Definition of convexity: $$f\left(\theta\mathbf{x} + \left(1-\theta\right)\mathbf{y}\right)\leq\theta f\left(\mathbf{x}\right) + \left(1-\theta\right)f\left(\mathbf{y}\right),\,\,\forall \mathbf{x}\in \mathbb{R}^{n},\,\,\mathbf{y}\in{\mathrm{dom}\left(f\right)}$$

Convexity for this function: $$\min_{\mathbf{z}\in{S}}\,\|\left(\theta\mathbf{x} + \left(1-\theta\right)\mathbf{y}\right)-\mathbf{z}\|\leq\theta\cdot\min_{\mathbf{y}\in{S}}\,\|\mathbf{x}-\mathbf{y}\| + \left(1-\theta\right)\cdot\min_{\mathbf{z}\in{S}}\,\|\mathbf{y}-\mathbf{z}\|,\,\,\,\theta\in\left[0,1\right]$$

Let $\theta=0$, then the above equation reduces to $$\min_{\mathbf{z}\in{S}}\,\|\mathbf{y}-\mathbf{z}\|\leq\min_{\mathbf{z}\in{S}}\,\|\mathbf{y}-\mathbf{z}\|, $$ which is true.

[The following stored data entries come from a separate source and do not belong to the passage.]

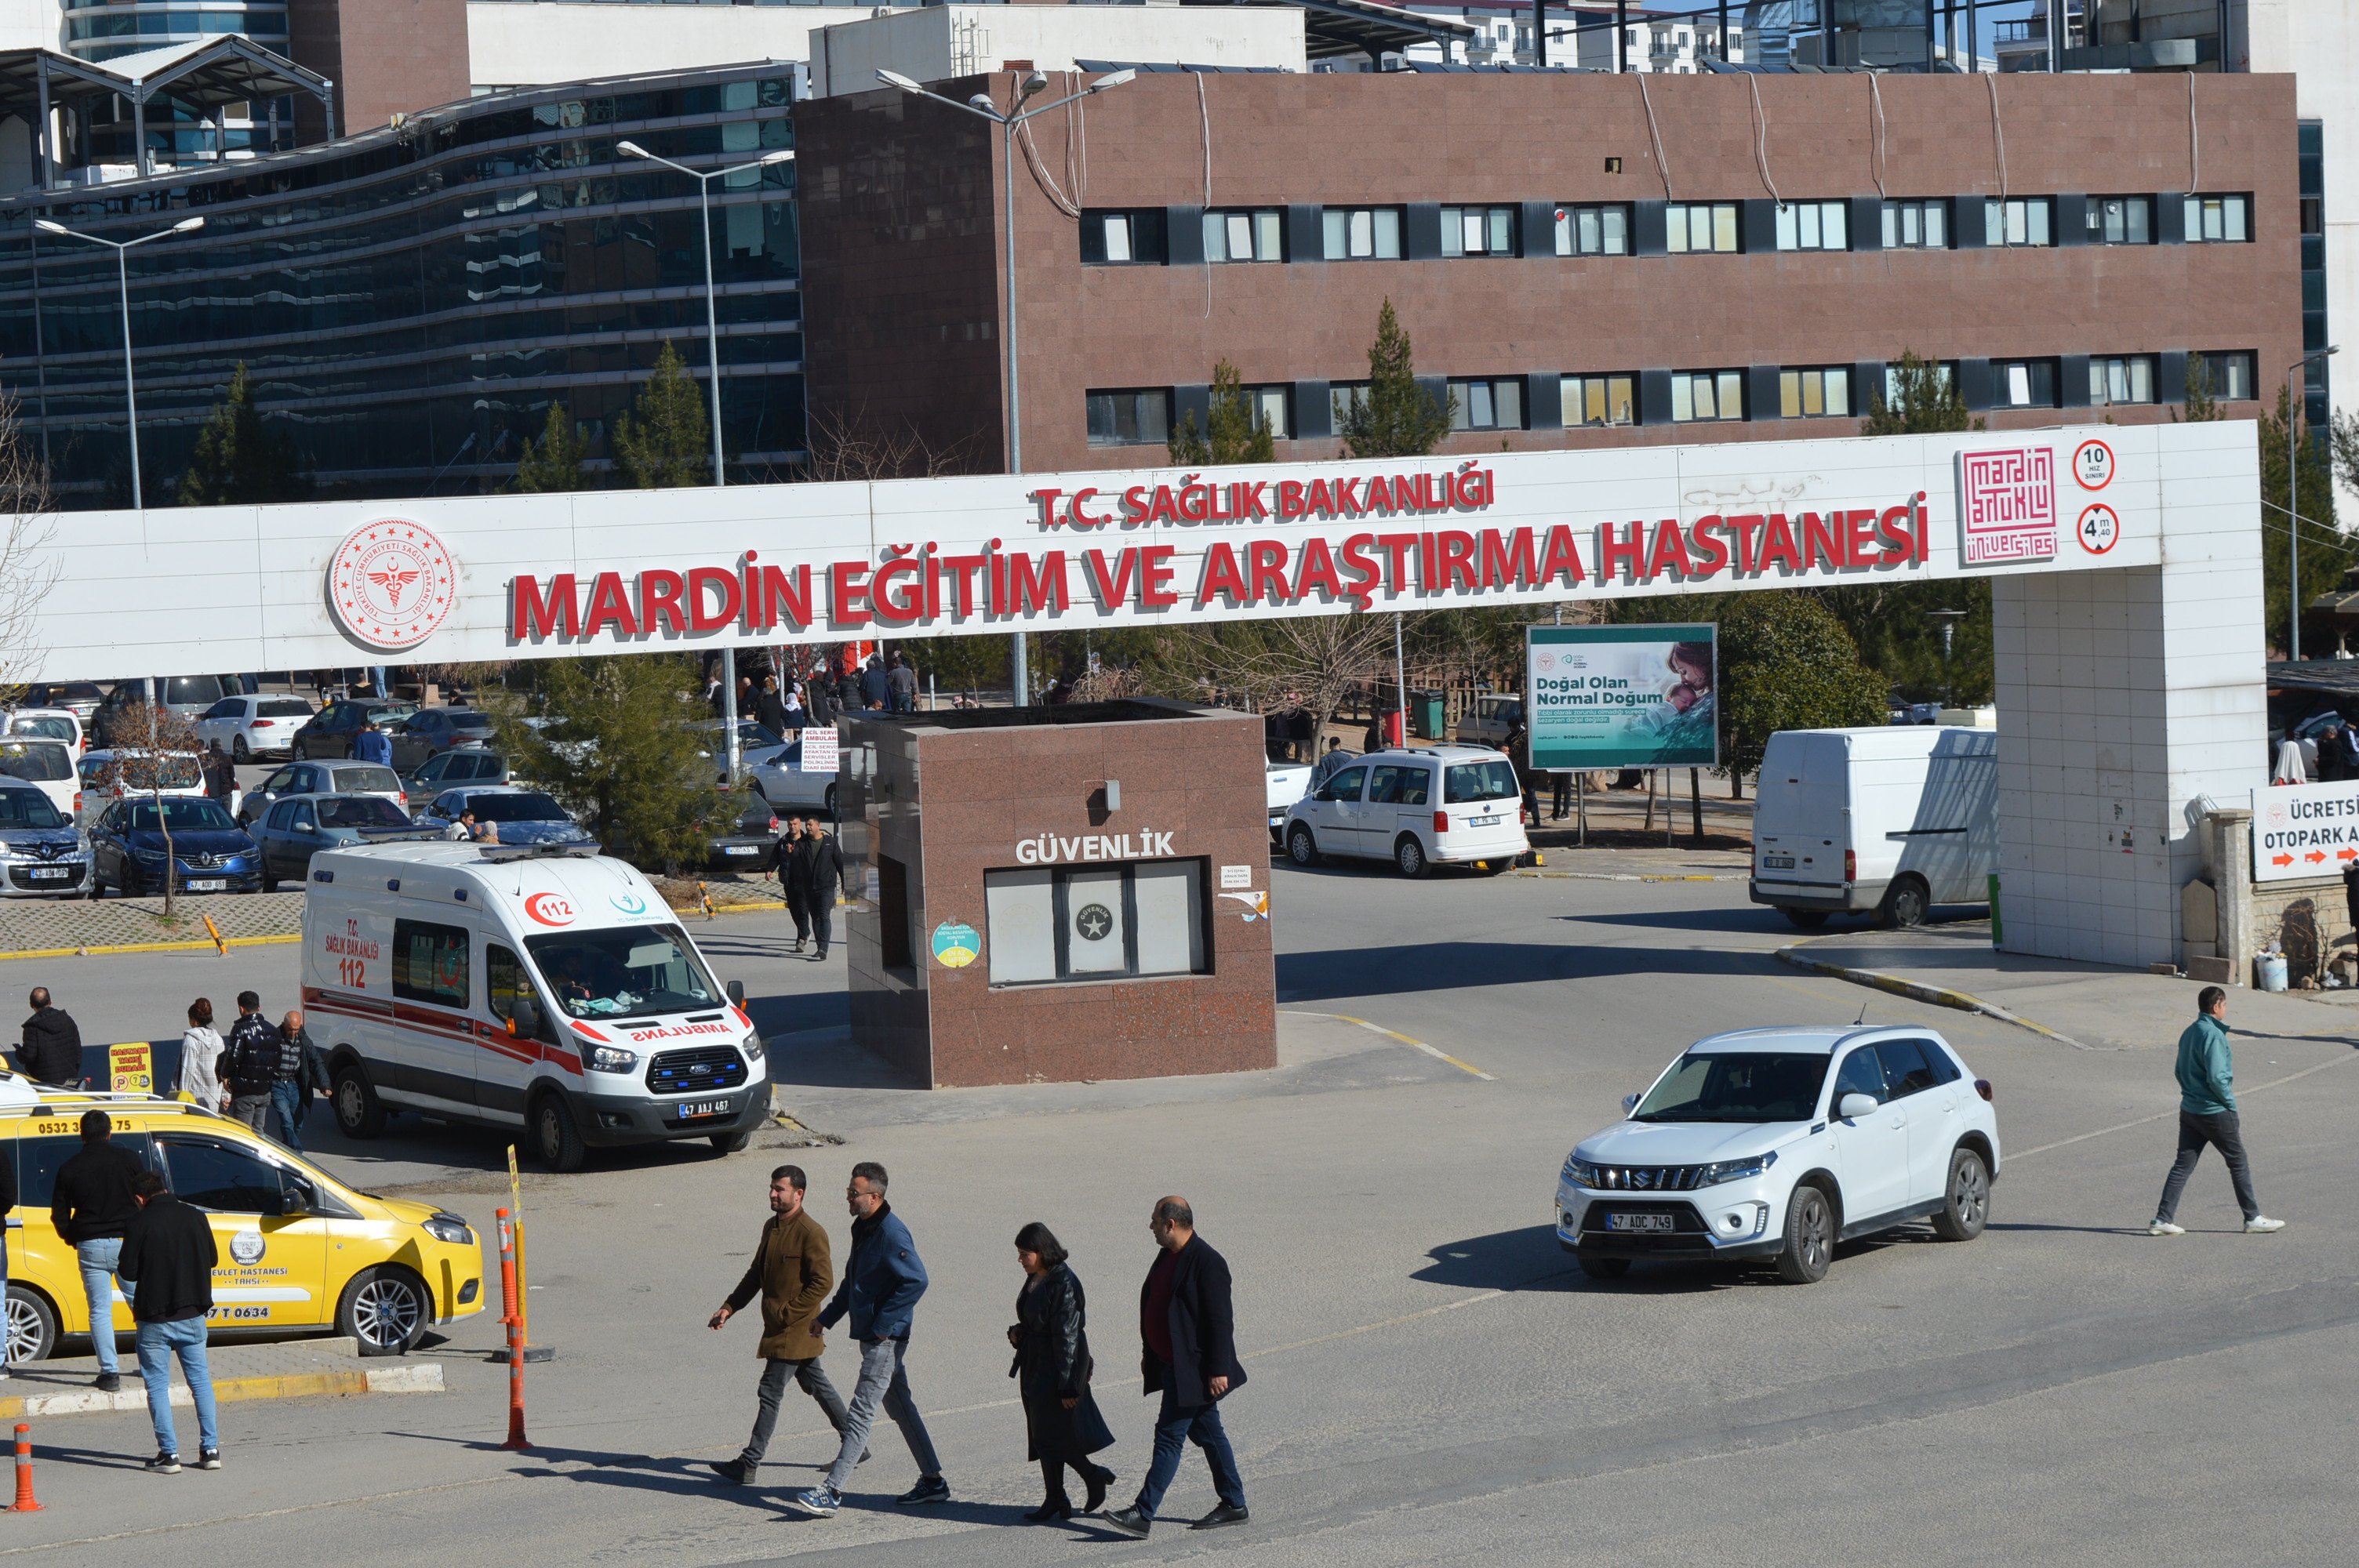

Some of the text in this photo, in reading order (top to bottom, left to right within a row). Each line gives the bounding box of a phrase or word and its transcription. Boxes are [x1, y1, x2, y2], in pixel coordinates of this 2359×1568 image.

[2084, 448, 2104, 463] 10
[1034, 459, 1494, 525] T.C. SAĞLIK BAKANLIĞI
[2085, 520, 2097, 537] 4
[2099, 518, 2110, 527] m
[512, 491, 1928, 638] MARDİN EĞİTİM VE ARAŞTIRMA HASTANESİ
[356, 542, 432, 618] TÜRKİYE CUMHURİYETİ SAĞLIK BAKANLIĞI
[1536, 676, 1628, 692] Doğal Olan
[1536, 691, 1663, 706] Normal Doğum
[1016, 827, 1176, 864] GÜVENLİK
[2265, 827, 2343, 849] OTOPARK
[541, 902, 573, 916] 112
[1080, 906, 1110, 920] GÜVENLİK
[347, 919, 358, 937] T.C.
[325, 933, 379, 960] SAĞLIK BAKANLIĞI
[340, 957, 365, 989] 112
[111, 1047, 148, 1056] HASTANE
[685, 1105, 694, 1115] 47
[699, 1102, 712, 1114] AAJ
[715, 1100, 729, 1112] 467
[38, 1123, 68, 1134] 0532
[116, 1120, 131, 1131] 75
[1613, 1215, 1670, 1229] 47 ADC 749
[222, 1308, 230, 1318] T
[234, 1307, 268, 1318] 0634
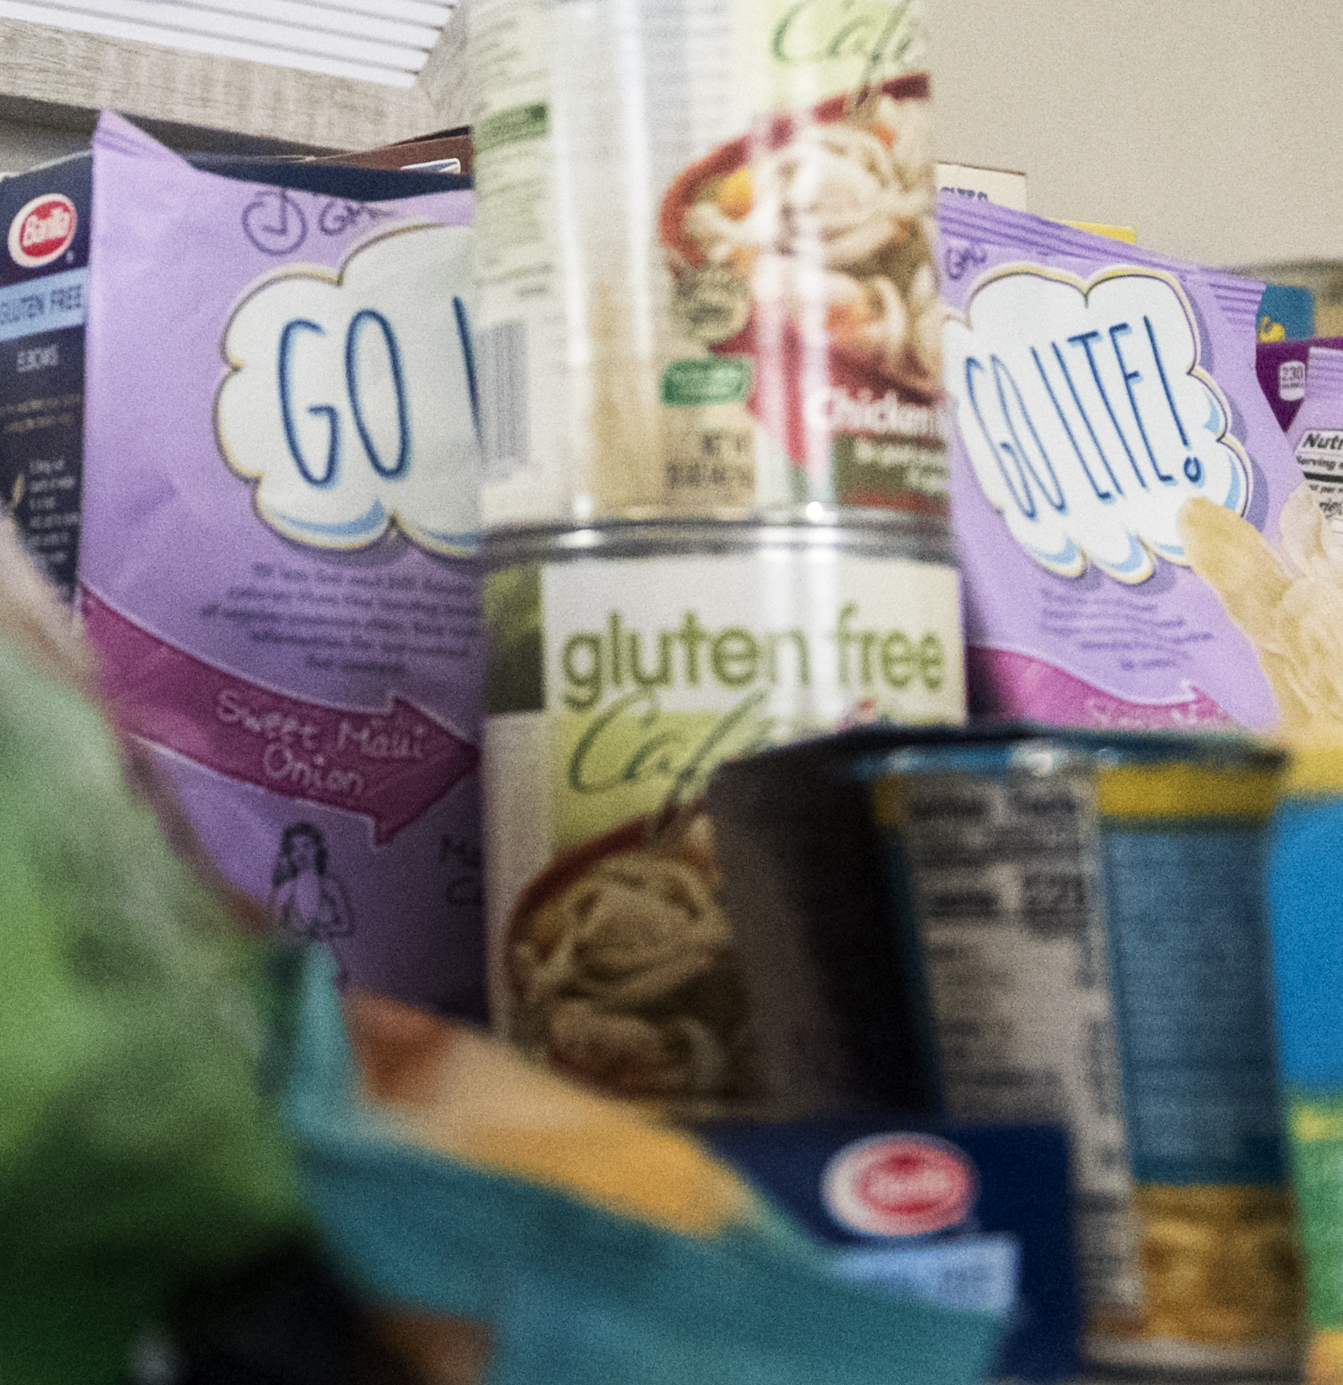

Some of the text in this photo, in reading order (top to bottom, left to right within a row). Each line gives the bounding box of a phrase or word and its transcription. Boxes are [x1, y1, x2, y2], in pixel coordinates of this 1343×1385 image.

[277, 308, 412, 488] GO
[1296, 455, 1336, 471] Serving
[561, 609, 811, 709] gluten
[835, 602, 945, 693] free
[568, 682, 773, 831] Caf

Let $\theta=1$, then it reduces to $$\min_{\mathbf{z}\in{S}}\,\|\mathbf{x}-\mathbf{z}\|\leq\min_{\mathbf{y}\in{S}}\,\|\mathbf{x}-\mathbf{y}\|.$$

Are these two facts alone enough to state that $d$ is convex?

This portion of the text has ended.